Le 4 juin à Deuil-la-Barre, près de Paris, Valérie et Jules Régis dévoileront aux enchères une rare sculpture de jeunesse de Jean Tinguely : une sculpture « méta-mécanique » de 1955.
[Mise à jour, 12 juin] La sculpture cinétique Méta-Mécanique a trouvé preneur à 200 000 euros (frais inclus).
A Paris, en 1955, une exposition allait poser les bases de l’art cinétique, avec pour nom de baptême, « Le Mouvement ». L’événement se tient à la Galerie Denise René qui, en dix ans, s’est fait une place dans le paysage artistique, en exposant notamment les chantres de l’abstraction géométrique. Cette fois, la galerie mise sur une nouvelle génération d’artistes prometteurs, Jean Tinguely, Jesús-Rafael Soto, Yaacov Agam, Pol Bury ou encore Robert Jacobsen, qu’elle expose aux côtés de figures tutélaires, telles que Marcel Duchamp ou Alexander Calder – deux générations qui ont pour préoccupation commune de créer une œuvre d’art en mouvement, pour mieux transposer les mécanismes de la vision. L’exposition, initiée par Victor Vasarely et le conservateur suédois Pontus Hultén, connaît un retentissement mondial, tant et si bien que l’art cinétique, contrepoint nécessaire du Pop Art, s’impose rapidement comme l’une des tendances majeures de l’art contemporain.

Jean Tinguely, la machine comme châssis
Pour cette exposition, Jean Tinguely (1925-1991), arrivé à Paris trois ans plus tôt, conçoit une série de sculptures en fer soudé, aux couleurs primaires de l’abstraction géométrique. Ces œuvres, dotées de roues dentées, s’actionnent manuellement à l’aide de manivelles ou au moyen d’un moteur électrique, pour déambuler aléatoirement dans l’espace. L’artiste, qui a fait de la machine son châssis, livre une sculpture ludique, dont le mouvement est laissé au hasard, à rebours du sérieux de la géométrie. L’événement signe le début des « méta-mécaniques » que Tinguely déclinera tout au long de sa carrière, façonnant de nouvelles sculptures mobiles en référence aux maîtres de l’abstraction, des Méta-Kandinsky, aux Méta-Malevitch et Méta-Herbin. Le commissaire d’exposition Pontus Hultén explique l’origine du terme « méta-mécanique » : « Dès sa première exposition, Tinguely s’est interrogé sur la manière de définir ses machines. Aucun des noms suggérés ne le satisfait, ni Automates, ni Sculptures mécaniques, ni Mobiles, ce dernier étant associé, en outre, à l’œuvre de Calder. Je lui ai proposé de les appeler Méta-mécaniques, par analogie avec « métaphysique » : j’avais en effet découvert dans le Grand Dictionnaire Larousse que « méta » ne signifiait pas seulement « avec » mais aussi « après », « au-delà ». De plus, l’association d’idées avec les termes « métaphore » et « métamorphose » me paraissait tout à fait appropriée. »
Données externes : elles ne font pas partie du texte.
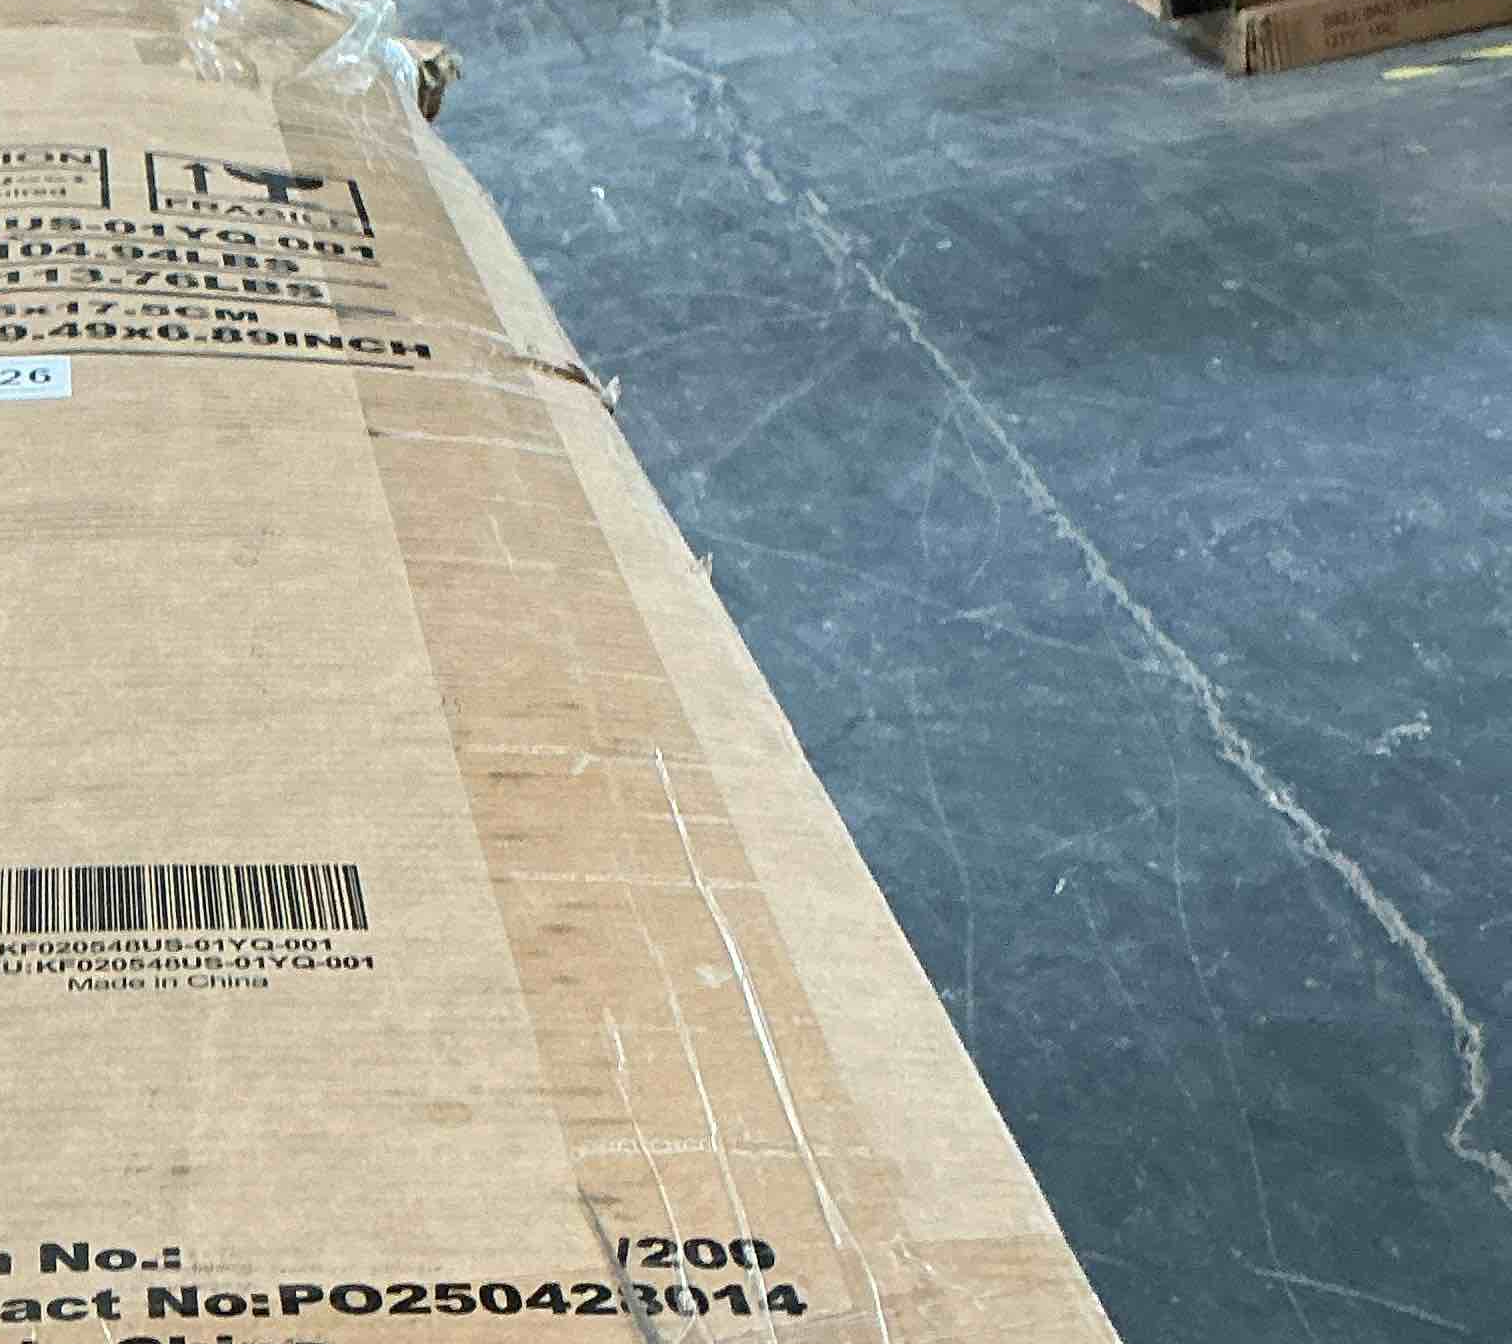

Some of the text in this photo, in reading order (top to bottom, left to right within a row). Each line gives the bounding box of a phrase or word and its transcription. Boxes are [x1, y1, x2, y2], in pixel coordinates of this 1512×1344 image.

[68, 973, 269, 993] Made in China
[39, 1241, 181, 1274] No.:
Une rare sculpture méta-mécanique de 1955 estimée à plus de 150 000 euros
De la genèse des « méta-mécaniques » de Jean Tinguely, une vente aux enchères dévoile un rare témoin : une sculpture de 1955 en fer patiné noir, pivotant sur un axe central. Acquise en vente publique autour de 1970 et conservée depuis par son actuel propriétaire, elle était connue grâce à une photographie noir et blanc prise dans l’atelier de l’artiste et reproduite au tome 1 du Catalogue raisonné. Le Centre Pompidou conserve dans ses collections une sculpture similaire, confectionnée un an plus tôt. L’œuvre animera les enchères le 4 juin à Deuil-la-Barre, avec une estimation de 150 000 à 200 000 euros.